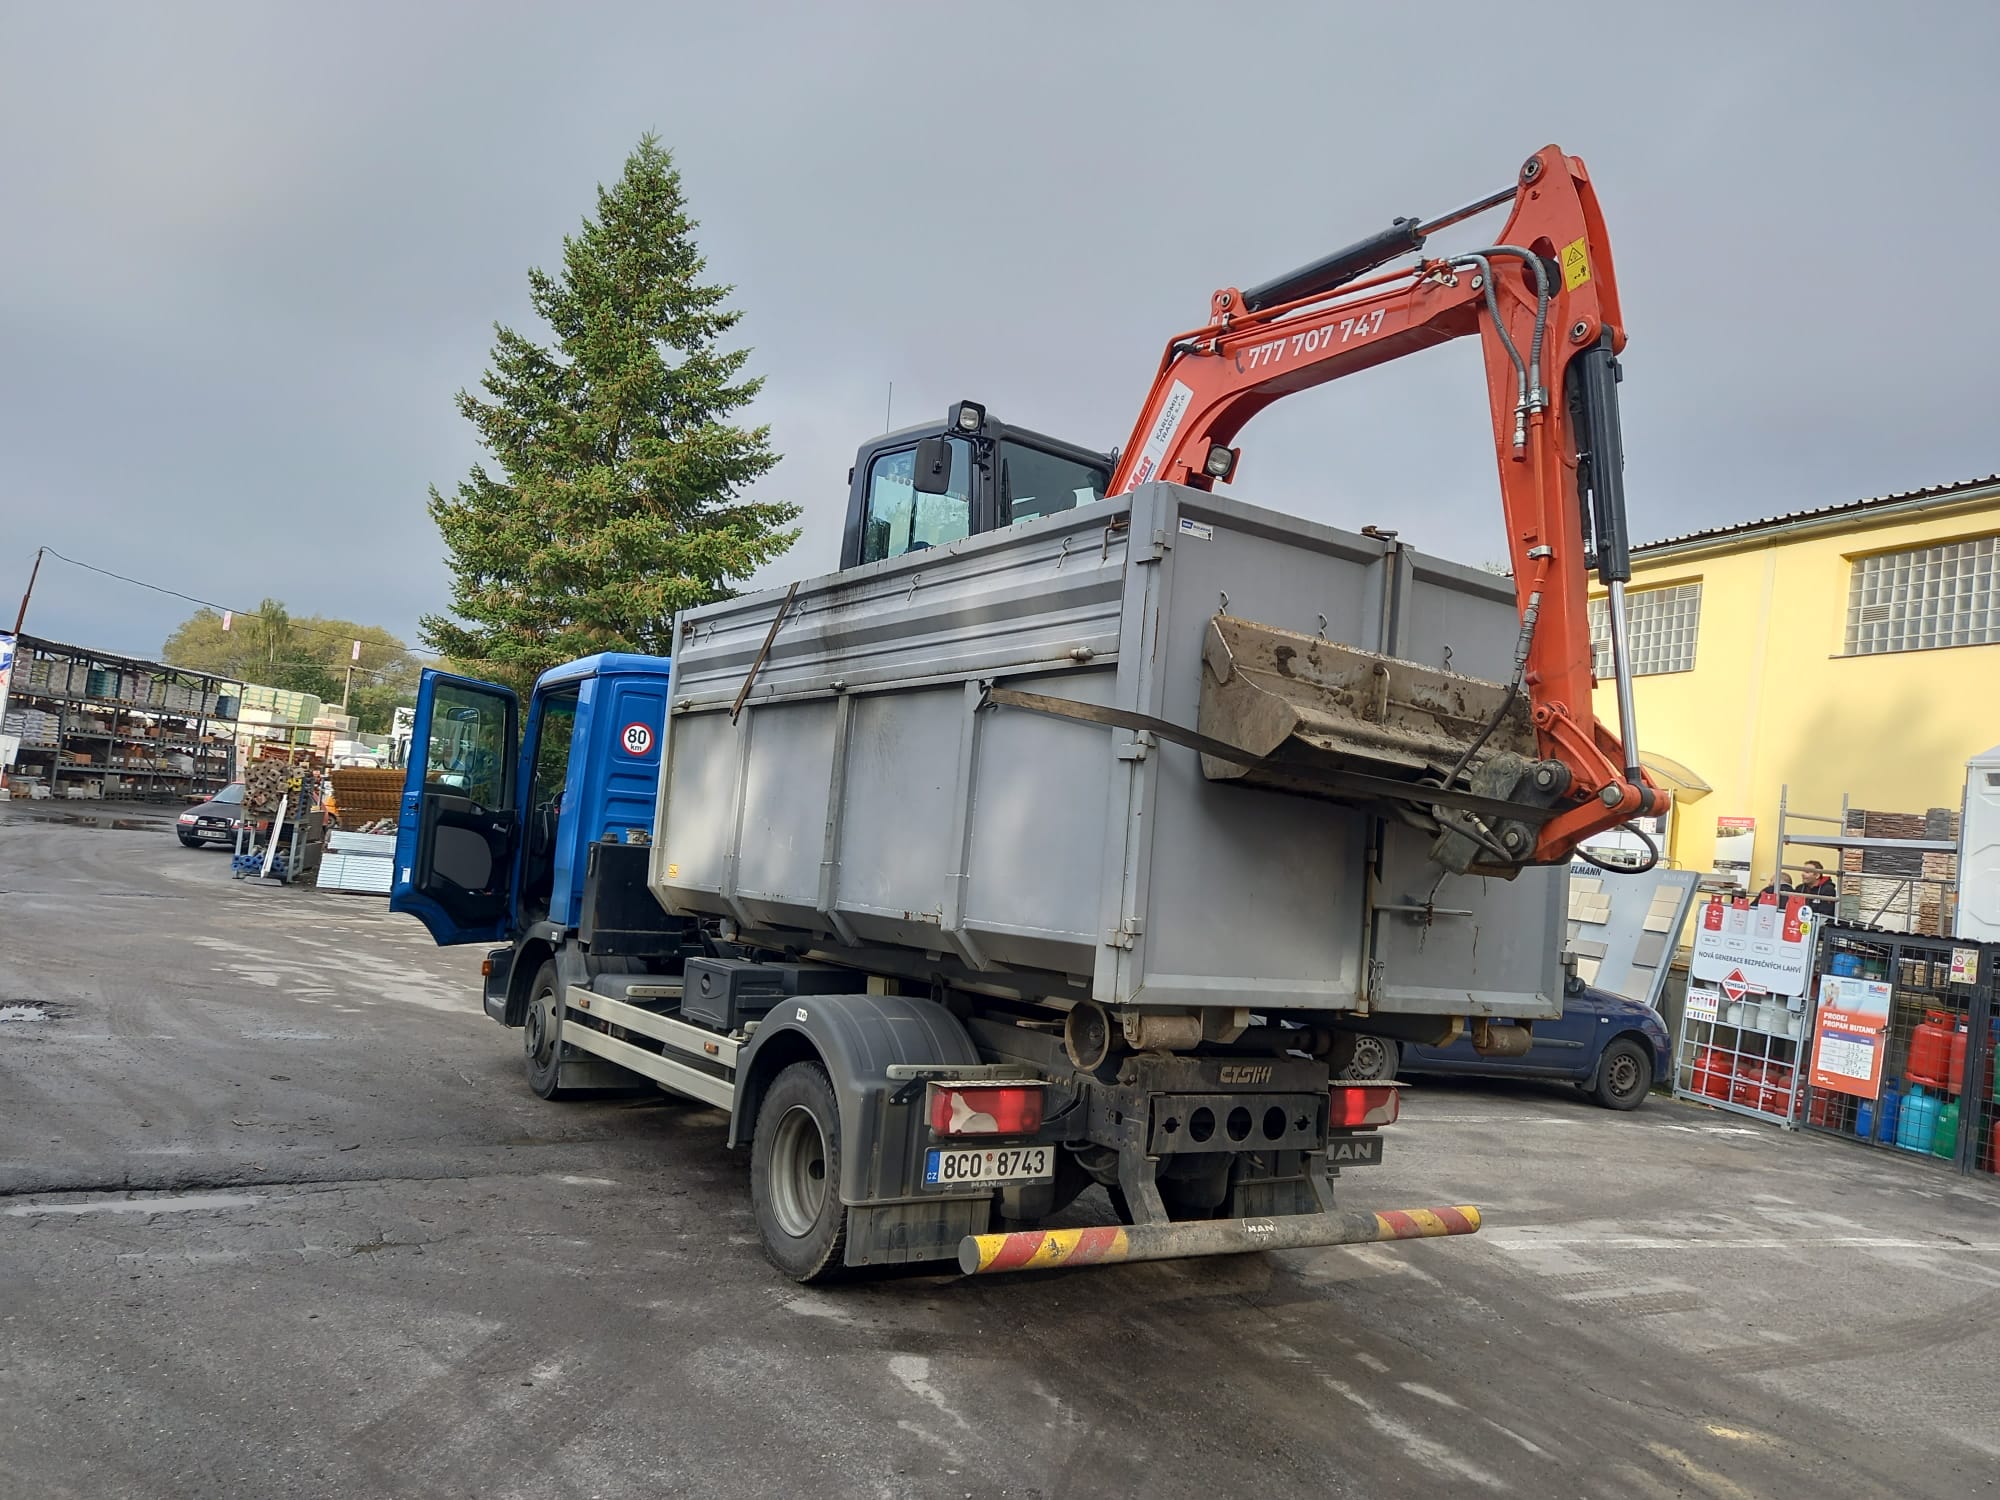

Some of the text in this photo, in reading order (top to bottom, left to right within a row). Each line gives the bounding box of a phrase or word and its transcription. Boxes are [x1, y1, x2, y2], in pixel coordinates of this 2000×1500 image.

[1249, 308, 1386, 369] 777 707 747
[1156, 394, 1180, 440] KARLOMIX
[1160, 415, 1176, 443] TRADE
[627, 728, 647, 745] 80
[630, 743, 642, 751] km
[1570, 865, 1602, 876] ELMANN
[1698, 950, 1803, 974] NOVÁ GENERACE BEZPEČNÝCH LAHVÍ
[1823, 1012, 1848, 1022] PRODEJ
[1822, 1020, 1848, 1030] PROPAN
[1849, 1023, 1877, 1035] BUTANU
[997, 1150, 1045, 1176] 8743
[926, 1172, 937, 1180] CZ
[971, 1180, 996, 1188] MAN
[1247, 1224, 1275, 1233] MAN

■ **PROBLEM TO WORK ON**:
With the pictures removed, return all the entries exactly.

■ **SOLUTION TO THE EXERCISE**:
Some of the text in this photo, in reading order (top to bottom, left to right within a row). Each line gives the bounding box of a phrase or word and its transcription. Boxes are [x1, y1, x2, y2], in pixel coordinates of this 2000×1500 image.

[1249, 308, 1386, 369] 777 707 747
[1156, 394, 1180, 440] KARLOMIX
[1160, 415, 1176, 443] TRADE
[627, 728, 647, 745] 80
[630, 743, 642, 751] km
[1570, 865, 1602, 876] ELMANN
[1698, 950, 1803, 974] NOVÁ GENERACE BEZPEČNÝCH LAHVÍ
[1823, 1012, 1848, 1022] PRODEJ
[1822, 1020, 1848, 1030] PROPAN
[1849, 1023, 1877, 1035] BUTANU
[997, 1150, 1045, 1176] 8743
[926, 1172, 937, 1180] CZ
[971, 1180, 996, 1188] MAN
[1247, 1224, 1275, 1233] MAN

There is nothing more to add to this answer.